MetricAction thresholdTypical response
Worker CPU usage> 80% sustainedAdd workers or increase CPU
Worker memory usage> 85% sustainedIncrease memory or adjust batch size
Job queue length> 100 pendingAdd workers / tune scheduling
Job runtime2× baselineProfile actions, add capacity
Error/retry rate> 5%Investigate downstream systems before scaling

Horizontal scaling (add workers)

  • Provision new worker hosts or containers as close to your data sources as possible to minimise latency.
  • Point the worker at the control plane and supply credentials:
    Terminal window
    lyftdata run worker \
    --url https://lyftdata.example.com \
    --worker-id worker-02 \
    --worker-api-key "$LYFTDATA_WORKER_API_KEY"
  • For fleets that rely on auto enrollment, set LYFTDATA_AUTO_ENROLLMENT_KEY on the server once and provide the same value to each worker. Use it only on trusted networks.
  • Verify the worker registers successfully via the UI or curl -s https://lyftdata.example.com/api/workers | jq '.[].id'.

Worker configuration checklist

  • LYFTDATA_URL – HTTPS URL for the control plane.
  • Identity – either LYFTDATA_WORKER_ID + LYFTDATA_WORKER_API_KEY, or LYFTDATA_AUTO_ENROLLMENT_KEY with an optional LYFTDATA_WORKER_NAME.
  • LYFTDATA_WORKER_LABELS – optional comma-separated descriptors surfaced in the UI for filtering and documentation.
  • --limit-job-capabilities – start the worker with this flag when it should only accept basic connectors (handy for hardened ingress zones).
  • Systemd or your orchestrator should manage the worker process so it restarts automatically after upgrades or crashes.

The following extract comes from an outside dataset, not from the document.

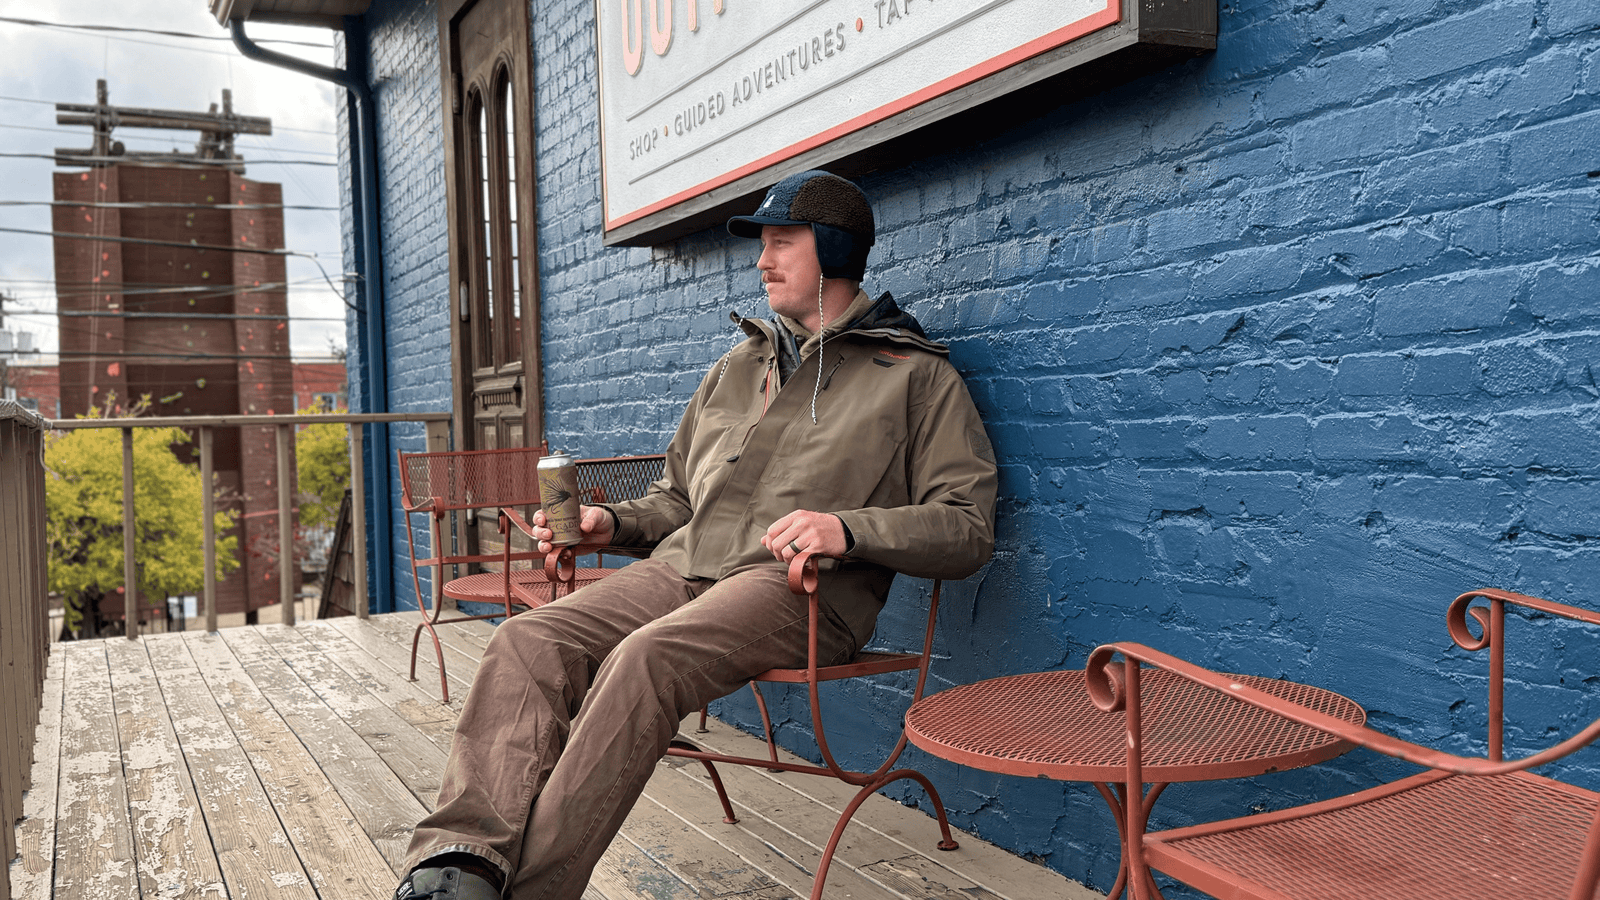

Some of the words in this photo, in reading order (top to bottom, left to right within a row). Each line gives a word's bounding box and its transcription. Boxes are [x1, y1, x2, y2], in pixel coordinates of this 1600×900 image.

Workers advertise their capabilities back to the server. Community Edition limits concurrent jobs to five per worker; licensed deployments default to ten.

Vertical scaling (bigger boxes)

When horizontal scale is not practical:

  • Increase CPU/memory allocations for the server or existing workers.
  • Ensure disks that host the staging directory have headroom; adjust --db-retention-days or --disk-usage-max-percentage if cleanup is too aggressive.
  • Revisit batch sizes and action efficiency so additional resources translate into throughput.

Automate worker scaling

  • Poll /api/health and /api/workers on a schedule to collect utilisation, queue depth, and last-seen timestamps. Persist the readings so you can compare moving averages instead of reacting to single spikes.
  • Feed those metrics into your autoscaling tool (Kubernetes HPA, AWS ASG, Nomad autoscaler, etc.). A typical policy adds a worker when queue depth stays above your threshold for several minutes.
  • During scale-in, drain jobs first: pause new assignments for the worker, wait for active runs to complete, then stop the process.
  • Alert whenever automation fails (for example, API calls start returning errors or workers flap repeatedly) so operators can intervene manually.

Placement strategies

  • Region-aware: co-locate workers with data sources to reduce egress and latency.
  • Capability-aware: dedicate workers to specialised connectors or sensitive networks and label them so runbooks show where to deploy specific jobs.
  • Redundancy: keep spare capacity in another availability zone for failover scenarios.

Keep jobs efficient

Scaling is easier when jobs are lean:

  • Split large multi-purpose jobs into smaller stages connected by worker channels.
  • Use filter early to drop unnecessary records.
  • Profile Lua scripts and external lookups; cache results where possible.
  • Adjust scheduling cadence (see Advanced scheduling) to smooth bursty workloads.

Review after scaling

  • Validate that job runtimes and queue lengths return to normal.
  • Update documentation/runbooks with the new topology.
  • Revisit resource budgets monthly; scale down when demand shrinks to save cost.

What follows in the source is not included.